It is less clear however, what motivates the mating and choice strategies of subadults. We predicted that subadult females encountering males would not risk much by exerting choice and potentially delaying mating, since they cannot reproduce right after mating in any case (since they must moult first). Moreover, once they become adults, their attractiveness to males increases, so they are likely to have future mating opportunities [22, 23, 35, 36]. In addition, in other Latrodectus, low male investment in courtship results in female discrimination (e.g., L. hasselti, [38]), and males approaching subadults invest minimally in courtship and do not somersault [20]. We thus expected that subadult females should be less likely to mate in ways that would cement paternity of these low-investing males. Surprisingly, subadult females mated at high rates, similar to adult females (also reported for L. hesperus subadults, [21]). Although fully mobile, subadults seemed generally more quiescent than adults: they did not attack and cannibalise males prior to copulation, performed fewer putative deterrent behaviours (leg flicks, abdomen twitches) towards approaching males, and rarely rebuffed male attempts to mount.
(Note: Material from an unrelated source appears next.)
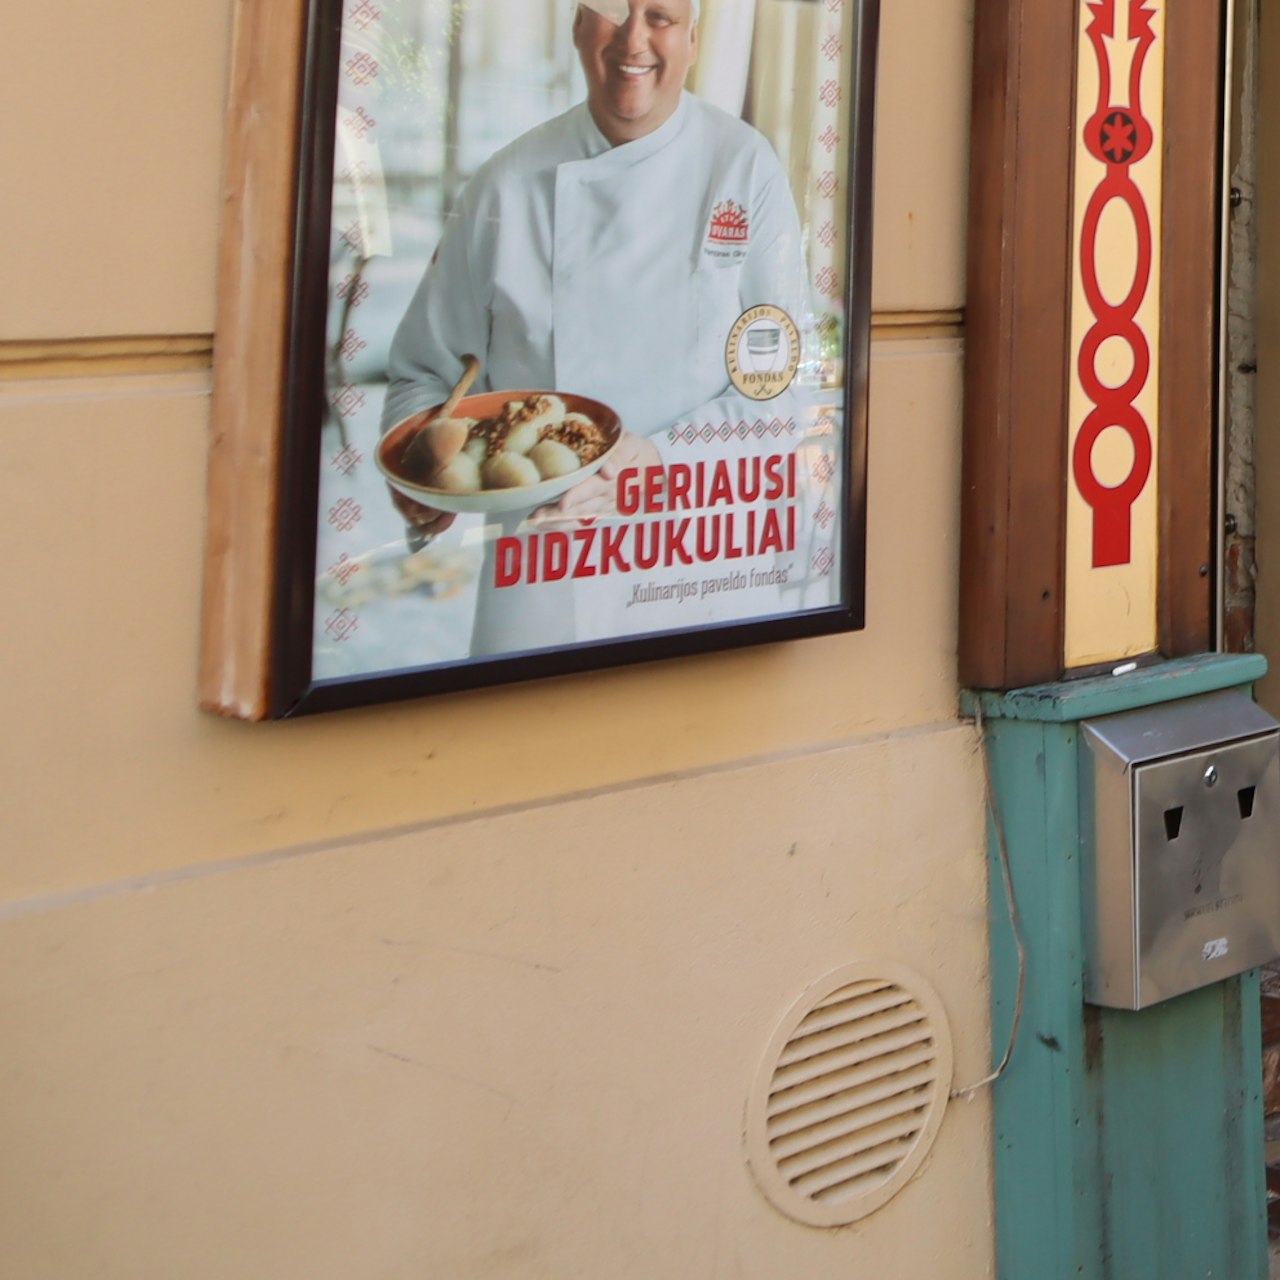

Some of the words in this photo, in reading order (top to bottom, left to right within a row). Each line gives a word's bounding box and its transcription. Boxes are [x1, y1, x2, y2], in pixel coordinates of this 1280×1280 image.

[743, 372, 784, 384] FONDAS
[616, 452, 796, 517] GERIAUSI
[494, 505, 796, 588] DIDŽKUKULIAI
[701, 573, 747, 596] paveldo
Moreover, subadults accepted more copulations during their first mating than adults, and the majority of them bore plugs in both spermathecae. The only indication of choosiness in subadults was that the few males that failed to deposit two plugs had lower size-corrected mass than other males. Overall, in the majority of cases, the patterns of mating outcomes would effectively prevent subadult females from ‘trading up’ through mating with another male.
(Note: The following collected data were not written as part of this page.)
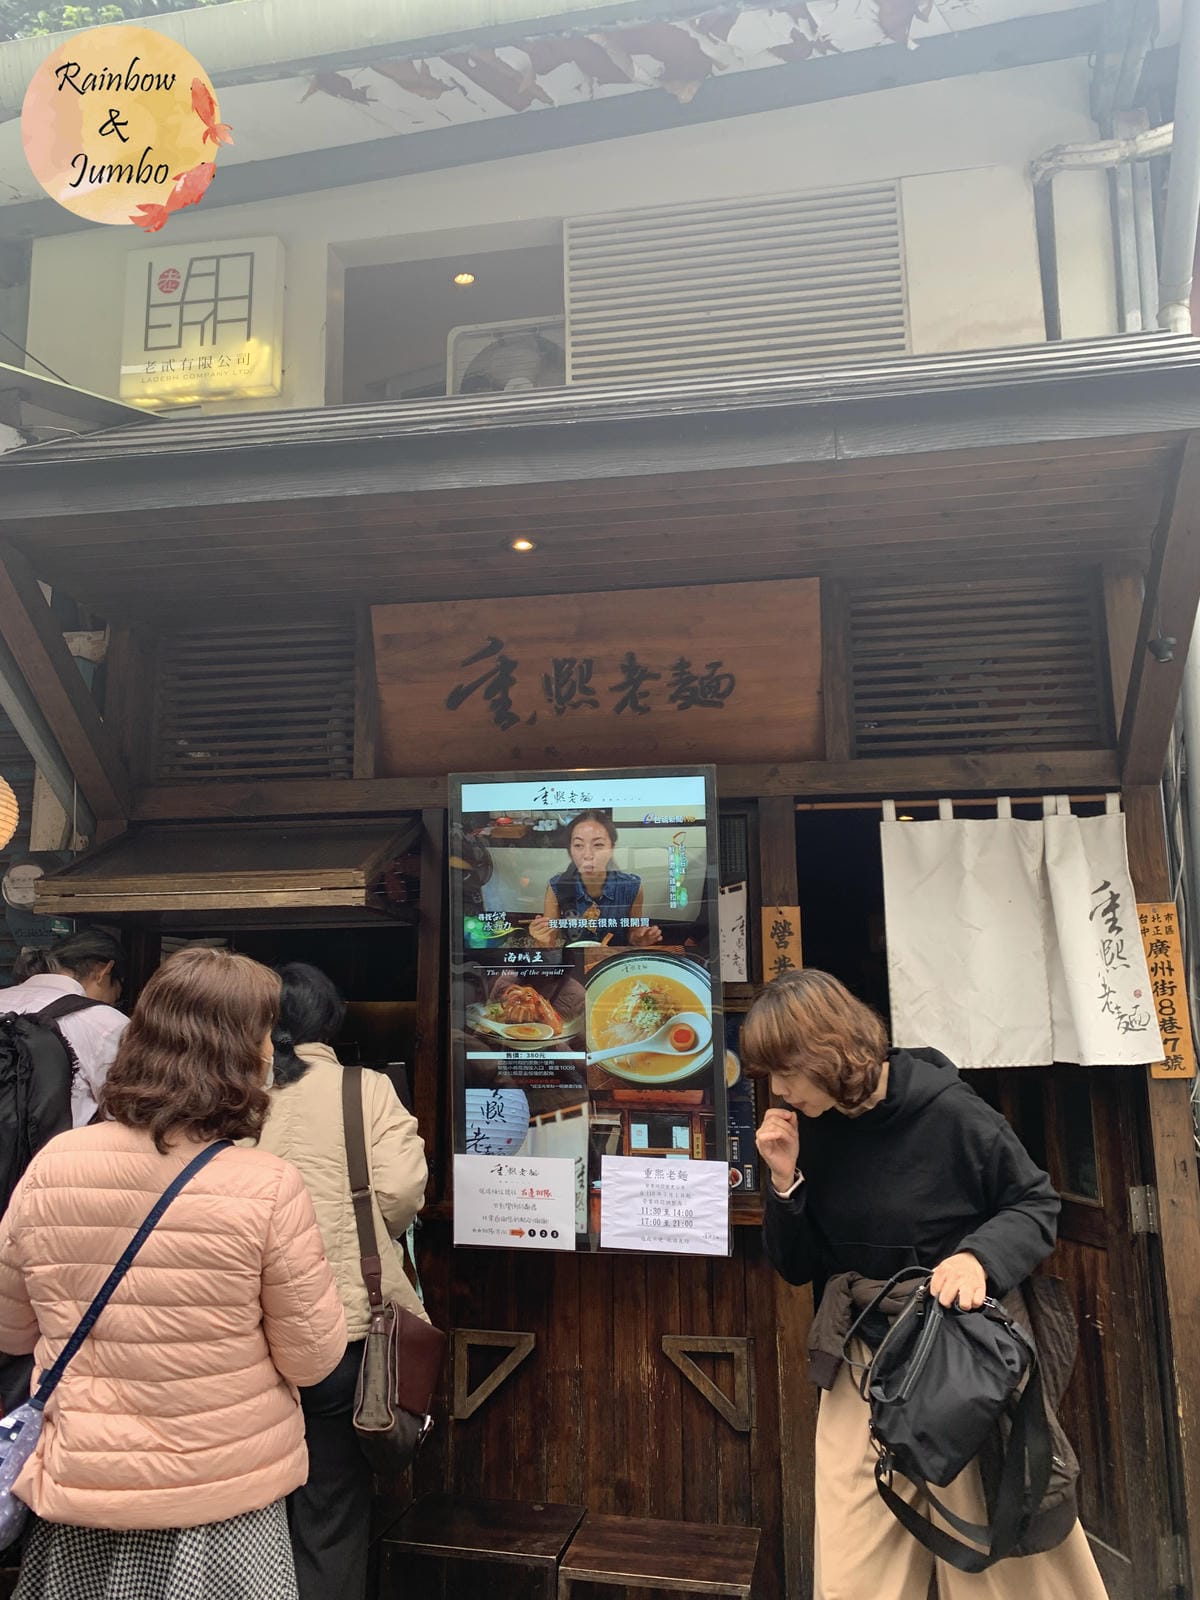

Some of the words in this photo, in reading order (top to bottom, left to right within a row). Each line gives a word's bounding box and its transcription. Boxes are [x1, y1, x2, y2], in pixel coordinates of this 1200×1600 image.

[445, 636, 736, 731] 重熙老麵
[548, 918, 617, 929] 我覺得現在很熱
[1139, 912, 1174, 926] 台北市
[1140, 925, 1175, 937] 中正區
[503, 951, 544, 963] 海賊王
[486, 969, 499, 977] The
[501, 969, 518, 978] King
[520, 969, 528, 977] of
[1147, 938, 1186, 1072] 廣州街8巷7號
[644, 1167, 689, 1181] 重熙老麵
[641, 1206, 661, 1216] 11:30
[673, 1208, 694, 1218] 14:00
[641, 1217, 661, 1227] 17:00
[673, 1219, 694, 1228] 21:00
We consider two possible ways in which males that attempt to mate with subadults may reliably be high quality males in nature, and thus subadults that mate indiscriminately may benefit from these mating patterns. Since males typically engage only in very reduced courtship with subadult females [20, 35, 36], the male’s presence in the female’s web may be the only information available about his quality. First, despite the lower attractiveness of subadult silk extract (L. hesperus, [23]), and of subadults in their webs in laboratory trials [22, 35], in several widow spider species males nevertheless locate subadult females and live on their webs for days prior to attempting a mating in nature [27, 32]. During this ‘cohabitation’ period, males of some Latrodectus species aggressively deter rivals from the web (‘mate guarding’; e.g., L. hesperus, C. Scott, pers. obs.). If this is the case for L. geometricus, then subadults will typically mate with competitively superior males [e.g., 41]. Second, males that manage to locate a subadult despite a lack of strong pheromonal cues may be those that are more efficient at mate searching, a challenge that results in high mortality rates in nature for many Latrodectus species [27, 33]. Thus, inter-male competition, either through contests or mate searching may be the primary selective force determining which males successfully mate with subadult females, whereas female choice plays a more important role in determining male mating success with adult females.
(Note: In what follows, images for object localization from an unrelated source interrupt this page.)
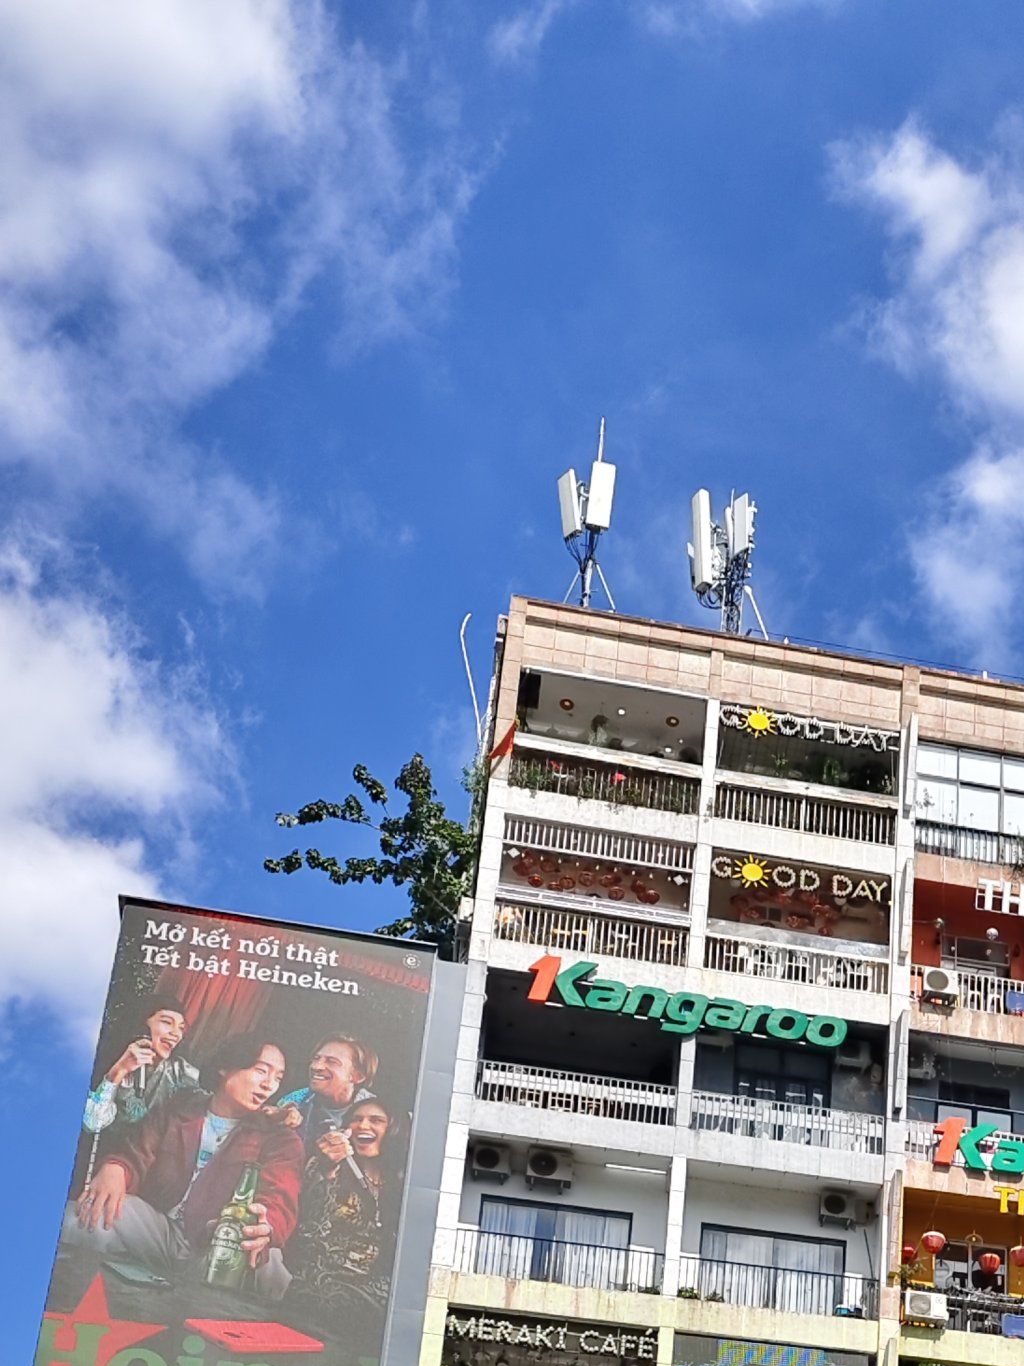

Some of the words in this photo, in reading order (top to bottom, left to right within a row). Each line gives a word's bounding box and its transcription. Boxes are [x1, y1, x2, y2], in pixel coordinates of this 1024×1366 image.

[832, 873, 888, 902] DAY
[144, 919, 187, 942] Mở
[191, 926, 230, 950] kết
[239, 935, 279, 958] nối
[286, 941, 339, 968] thật
[141, 944, 180, 968] Tết
[189, 953, 230, 979] bật
[239, 961, 360, 996] Heineken
[447, 1314, 568, 1351] MERAKI
[579, 1328, 658, 1360] CAFÉ
Regardless of why subadult females are not choosy in their first mating opportunity, this unexpected first-mating pattern has implications for female behaviour in second matings. Since more than 60% of subadults had two sperm plugs in place, the opportunity to shift paternity through a second mating was relatively low. Consistent with this, only ~ 40% of subadult-mated females remated with a second male (about half the remating rate of adults) and these females may have been more reluctant to remate than adults (latency to remating was longer). It is likely that, in nature, remating rates of subadult-mated females would be even lower than those measured here, since these females are less likely to attract males than adults. For example, in a congener, silk extracts from adult females that mated as subadults triggered highly variable, but overall lower male activity than was the case for females mated as adults (L. hasselti, [23]). For L. geometricus females in this experiment, not only were subadult-mated females less likely to remate, they were also more choosy than they had been in their first mating. The relatively few subadults that did remate were more likely to do so with males of greater size-corrected mass than their first mate. Additionally, the second mates were more likely to deposit at least one sperm plug (although this would not effectively enhance paternity if the female was already plugged) when their size-corrected mass was greater than that of the first mate.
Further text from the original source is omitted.